The author quotes numerous secret diplomatic dispatches from Tokio to Washington during the Washington Conference, which were decoded and translated, showing that a policy of delay on the part of the British and Americans was sure to force the Japanese to retreat, as they did, from their demand for a ten-to-seven ratio. From this one would conclude, that, with the Black Chamber closed, the United States went into the London Naval Conference and will go into any future conference at a disadvantage, unless foreign powers follow Secretary Stimpson's example, "Stud poker is not a very difficult game after you see your opponent's hole card," the author remarks.
But for the most part, when the grindstone is still, the book is an entertaining tale of espionage and of resourcefulness in the conduct of a little advertised but important part of the war machine. MI-8, organized through Yardley's initiative, had its hands full in keeping pace with German chemists, who gave their spies silk scarves, or even silk-covered tuxedo-buttons, impregnated with secret ink chemicals which could be devolped with only one specific reagent. It was the Secret Ink Bureau which brought about the capture of Madame de Victoria, most dangerous of the German spies, who introduced high explosives in marble figures for altar decoration, and was in charge of blowing up war industry plants, docks, etc. in the United States.

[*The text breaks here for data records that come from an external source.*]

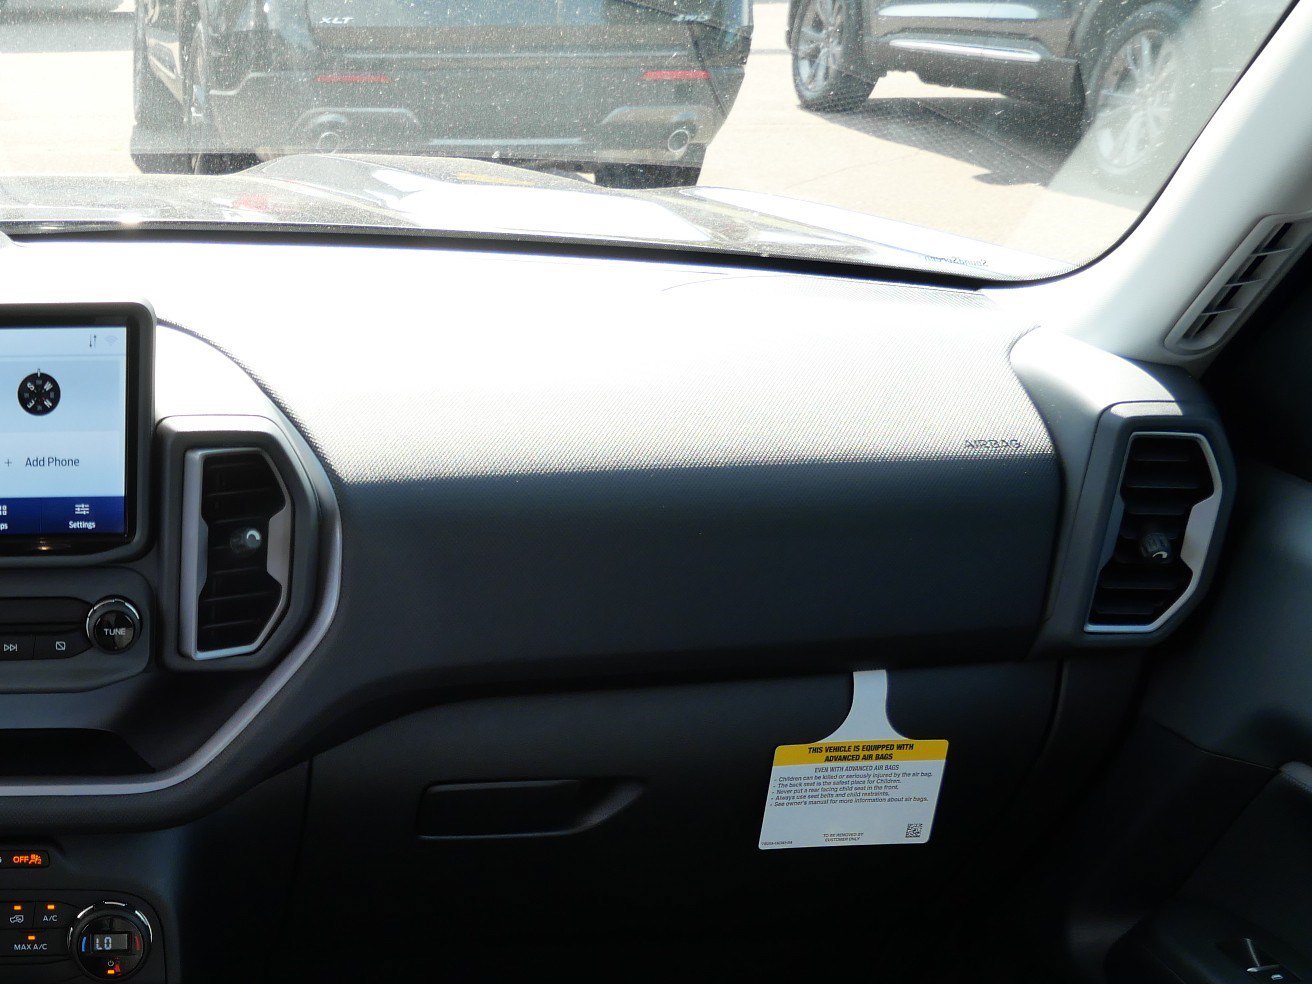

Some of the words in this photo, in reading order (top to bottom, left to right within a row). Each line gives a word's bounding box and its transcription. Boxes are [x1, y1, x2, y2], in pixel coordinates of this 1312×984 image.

[319, 16, 355, 24] XLT
[25, 457, 45, 467] Add
[47, 456, 80, 467] Phone
[68, 520, 96, 530] Settings
[103, 627, 126, 636] TUNE
[808, 746, 823, 754] THIS
[825, 745, 851, 753] VEHICLE
[853, 744, 860, 752] IS
[862, 743, 895, 752] EQUIPPED
[896, 743, 914, 751] WITH
[824, 754, 860, 762] ADVANCED
[862, 753, 873, 761] AIR
[13, 855, 29, 864] OFF
[42, 914, 58, 922] A/C
[13, 943, 32, 951] MAX
[33, 943, 48, 951] A/C

Evidently a first-rate cryptographer, Yardley gives a fascinating account of the deciphering of messages between Germany and Mexico, and of dispatches which brought a death sentence to Pablo Waberski. Anyone who has slipped notes between schoolroom desks or fancied "The Gold Bug" will enjoy clear expositions of the decipherment of codes which,--enciphered, transposed, and with "nulls" sprinkled through them--seem quite unassailable to the layman. And the reader will sympathize with Yardley in his struggles with the Japanese code, broken one morning several hours after midnight, after months of struggle with the language, and examination of 10,000 indexed cards compiled from hundreds of Japanese messages.

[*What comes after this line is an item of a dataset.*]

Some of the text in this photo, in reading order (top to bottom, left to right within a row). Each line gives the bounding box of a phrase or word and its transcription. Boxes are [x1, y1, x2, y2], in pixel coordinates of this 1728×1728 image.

Incidentally, the book bears out what is common knowledge, that the allies were highly suspicious of each other during the war; the French and British Black Chambers refused to share information which might prove of use to either during the peace negotiations.
The author is conceited, and a few sensational features, such as an insinuation that President Wilson was administered a slow poison by Entente plotters while in Paris, cannot be approved. But the book will afford several entertaining hours, and the reader will perhaps regret that, "with the introduction of mechanical coding machines, cryptography as a science will become a thing of the past.